- The Washington Times - Wednesday, January 7, 2009

Virginia Gov. Tim Kaine said Tuesday he will try once again to ban smoking in state restaurants during this year’s legislative session, an effort that has failed during previous years of his term.

“In my discussions with legislators of both parties, and especially with the public, I see that the momentum for this bill is really moving the right way,” Mr. Kaine, a Democrat, said inside the Liberty Tavern, a smoke-free establishment on Wilson Boulevard, in Arlington.

Mr. Kaine’s smoking cessation efforts continue a trend he started since taking office in 2006, when he signed an executive order banning smoking in state buildings and vehicles.

In 2007, lawmakers passed a bill that would have required restaurants that allow smoking to post a “Smoking Permitted” sign at the entrance. Mr. Kaine amended the bill to simply ban smoking in restaurants statewide, and the Republican-controlled House rejected his changes.

A House subcommittee last year also served as the burial ground for an attempt to ban smoking in restaurants.

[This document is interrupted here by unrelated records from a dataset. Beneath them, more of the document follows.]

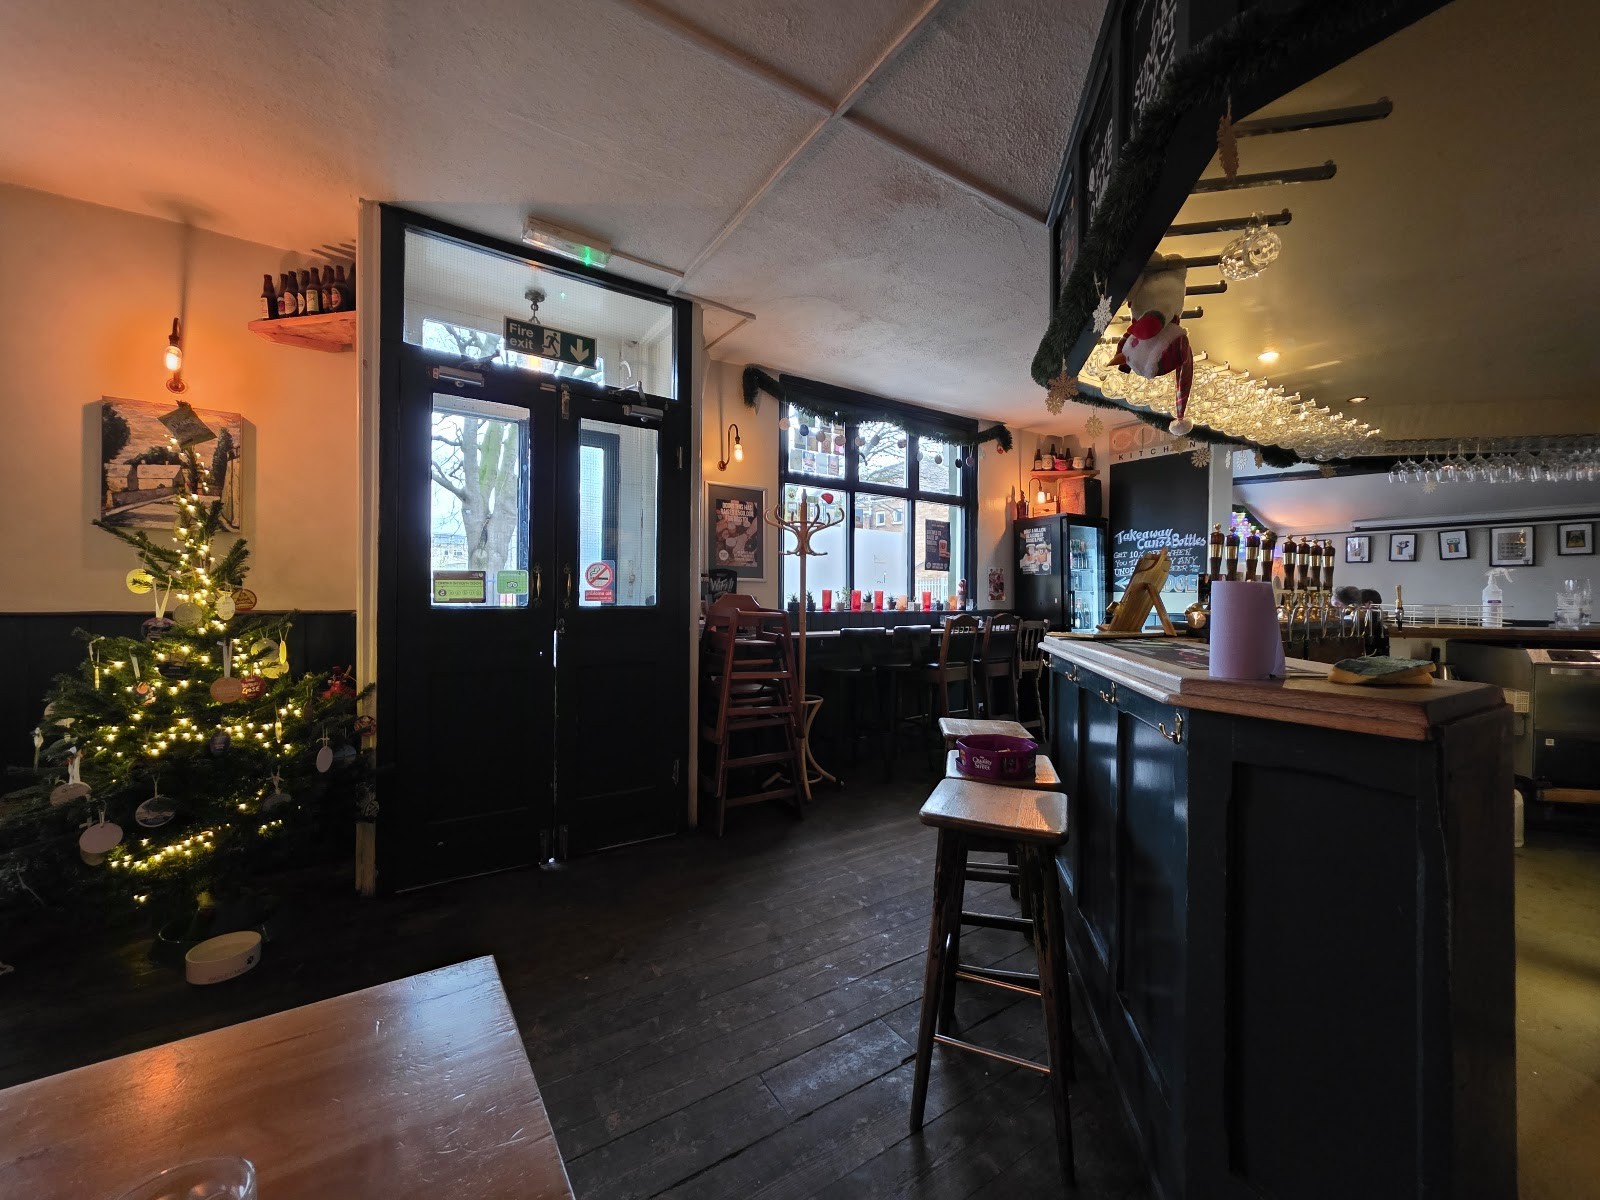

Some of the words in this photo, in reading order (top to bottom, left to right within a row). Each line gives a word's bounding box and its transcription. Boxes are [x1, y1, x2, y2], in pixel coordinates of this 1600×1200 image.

[509, 322, 534, 338] Fire
[509, 336, 534, 350] exit
[1118, 441, 1196, 461] KITCHN
[1114, 528, 1174, 544] Takeaway
[1137, 538, 1165, 550] Cans
[1172, 533, 1207, 549] Bottles
[972, 757, 992, 765] Quality
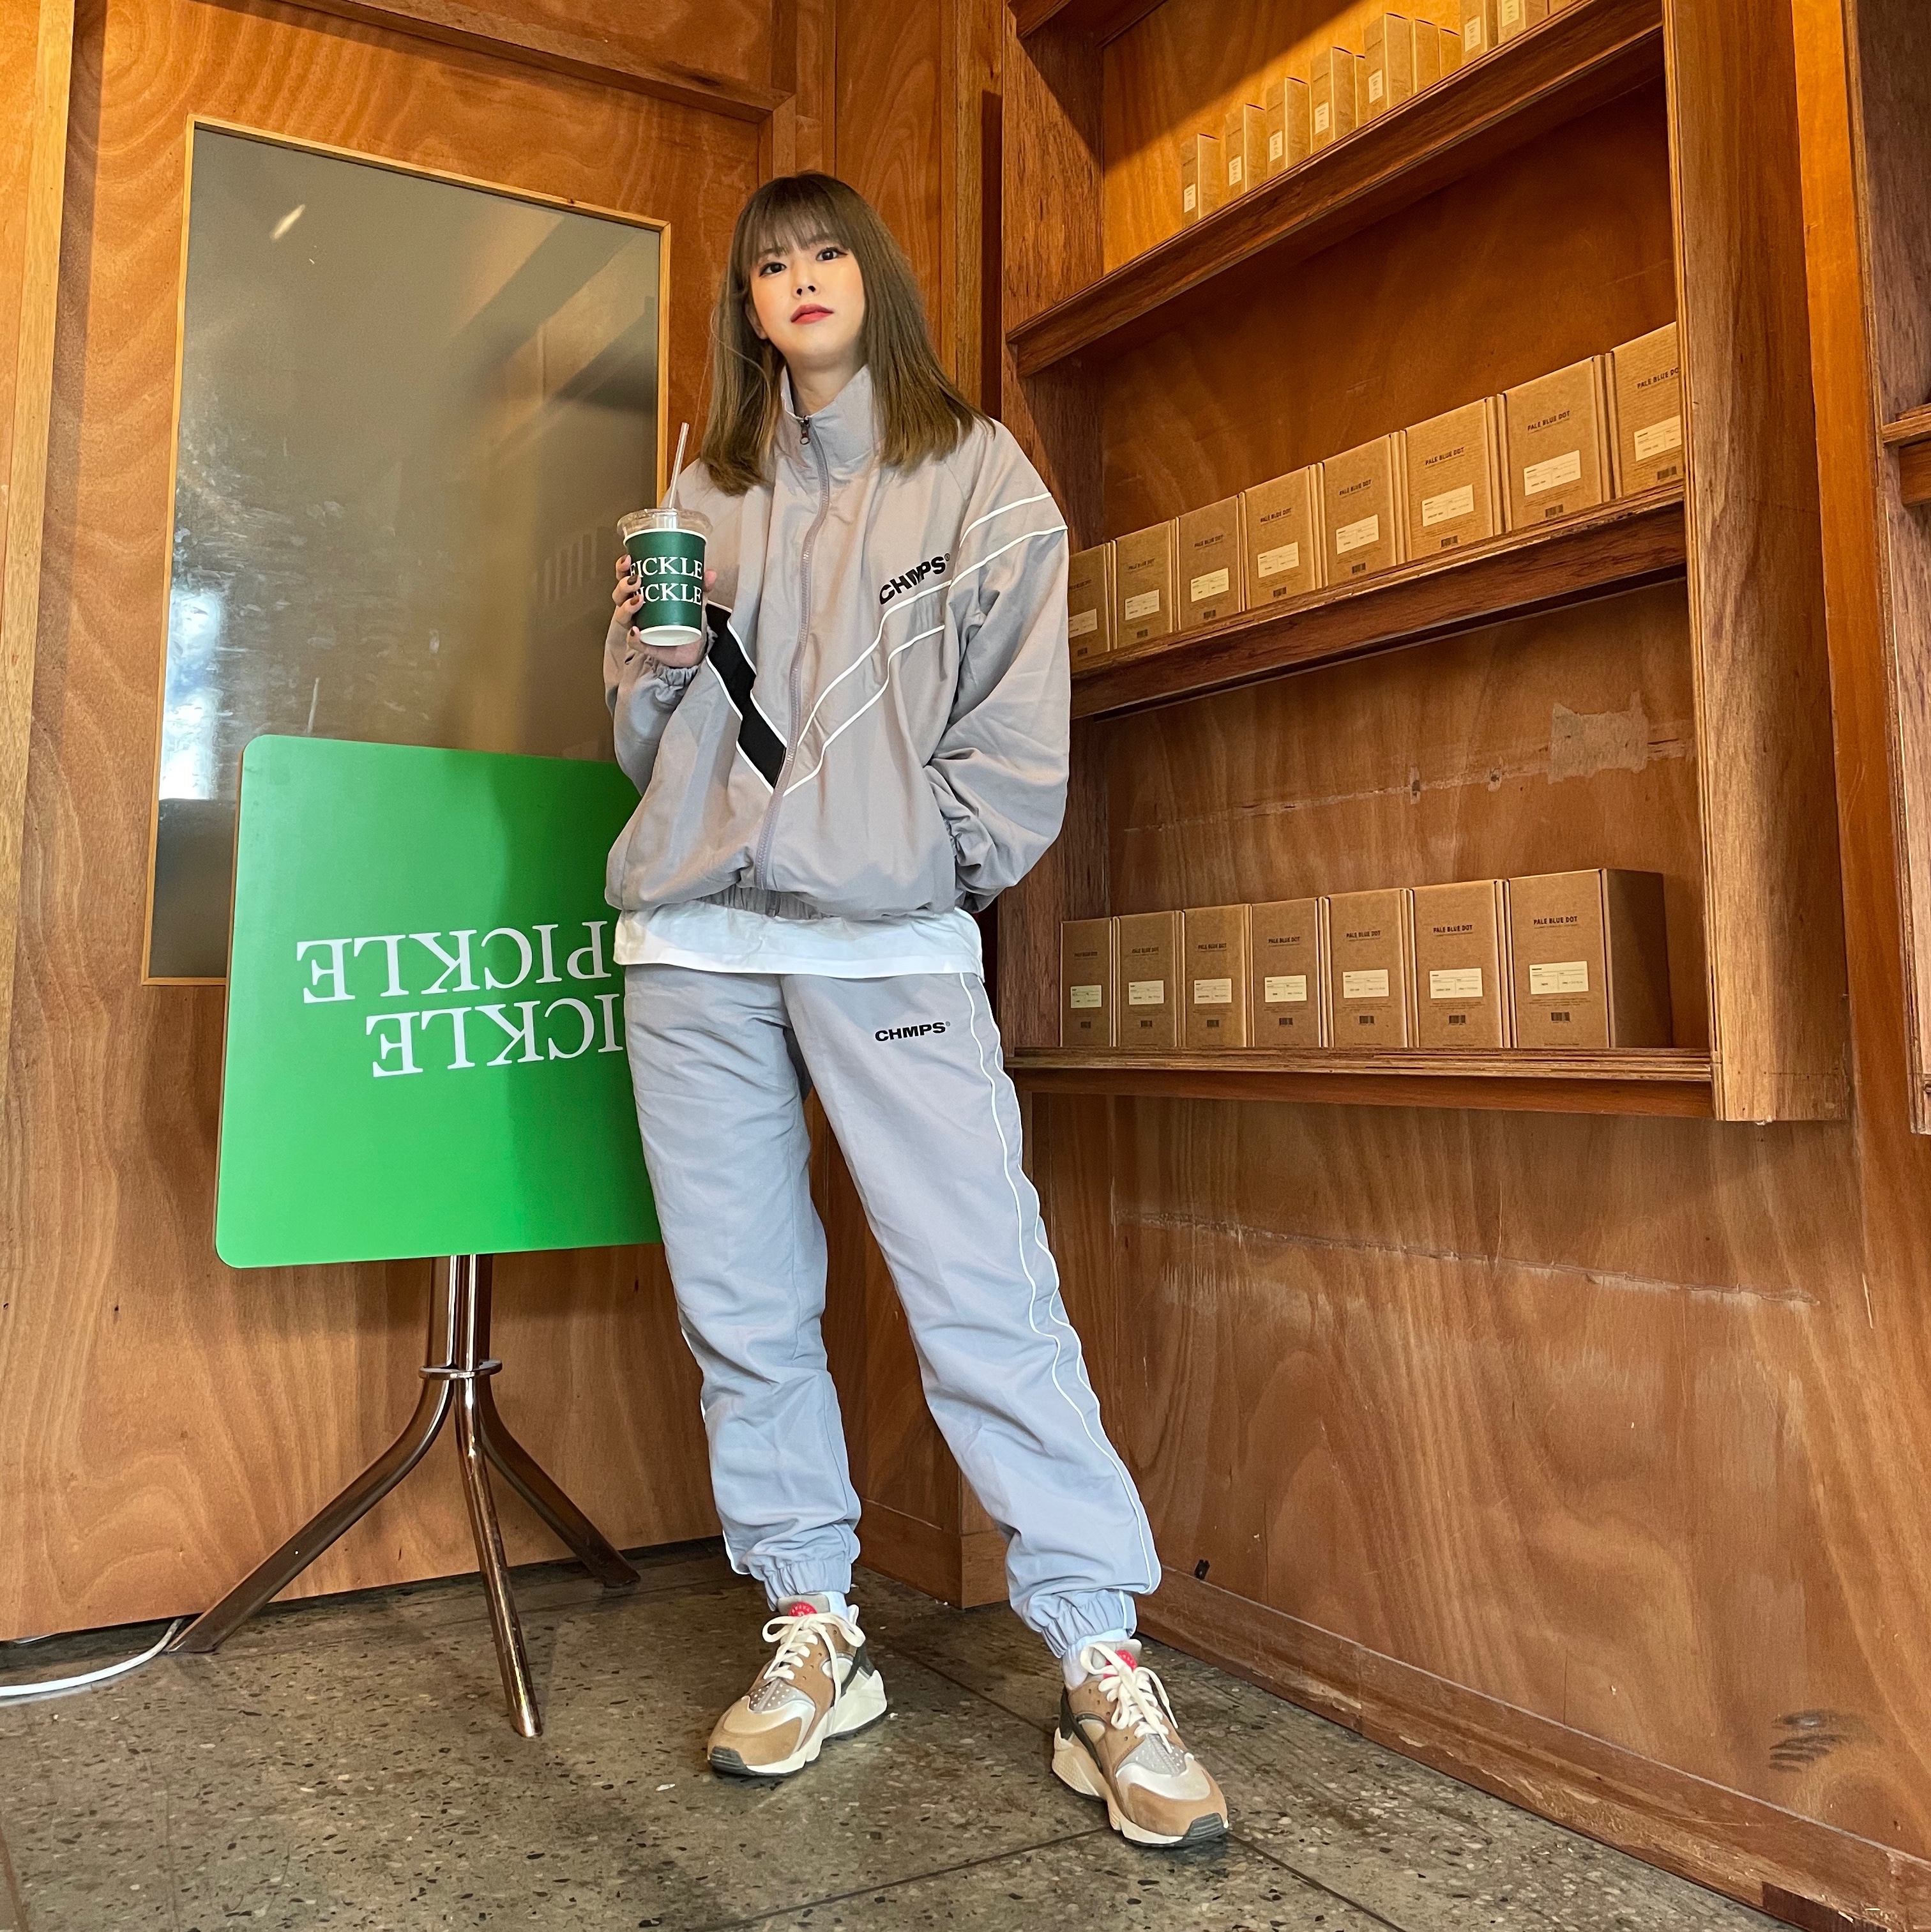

Mr. Kaine’s legislation will be primarily sponsored by Delegate David L. Englin, Alexandria Democrat, and Sen. Ralph S. Northam, Norfolk Democrat. The bill would ban smoking in restaurants and bars, including dining areas in public and private clubs.

The legislation also changes the definition of a restaurant to any food establishment in which food is available for sale and public consumption and includes areas where food is prepared, served or consumed. It excludes exterior dining areas unless the spots can be enclosed.

Mr. Kaine said House lawmakers’ plans to take recorded votes in subcommittees - which he said will make them more accountable to the public - bodes well for his bill’s chances, along with the Senate’s passage of a smoking ban last year.

Thirty states and the District had smoke-free laws affecting restaurants as of June 2008, according to the National Conference of State Legislatures. The District’s ban took effect two years ago, while Maryland enacted its law last year.

“I think it is time and maybe even past time for Virginia to join those states,” Mr. Kaine said.

The proposal is again likely to face opposition. For one thing, tobacco giant Phillip Morris USA has its corporate headquarters in Richmond. Bill Phelps, a spokesman for Altria Group - the parent company of Phillip Morris - said the company is against the ban.

“We think that every restaurant is unique and a complete ban on smoking that treats every restaurant the same way doesn’t make sense,” Mr. Phelps said.

Delegate David B. Albo - Fairfax Republican and a member of the subcommittee that has killed smoking curbs in the past - also said he still objects to banning smoking in places that include private clubs and cigar bars.

“They don’t even want to compromise,” he said. “This is all about politics.”

Delegate H. Morgan Griffith, Salem Republican and House Majority Leader, said he had not seen Mr. Kaine’s proposal but noted the previous smoking-ban legislation never made it to the floor of his chamber last year. A similar measure this year likely would have the same result, he said.

“If it’s the same bill that he put in last year, why would you expect a different result?” Mr. Griffith asked. “The body has not changed that much.”

Tom Zapf, chairman of the Virginia Retail Merchants Association, characterized his group as neutral to the proposal. But he said he has concerns about passing a smoking ban during tough economic times.

“Now is not the time to be passing any legislation that is going to cause a single customer not to patronize your organization,” Mr. Zapf said. “Right now everybody is scratching for every dollar so they can stay afloat.”

Mr. Kaine, who was backed by state and county lawmakers when announcing his proposal Tuesday, said his bill won’t be the only smoking-related one to be introduced after the 2009 General Assembly session begins Jan. 14. He expects some measures to come from Republicans.

The governor’s ban also is the second measure from him that will come up this session and have an impact the tobacco industry. Mr. Kaine last month announced he will seek a 30-cent increase in Virginia’s cigarette tax to help close a projected $3 billion budget shortfall.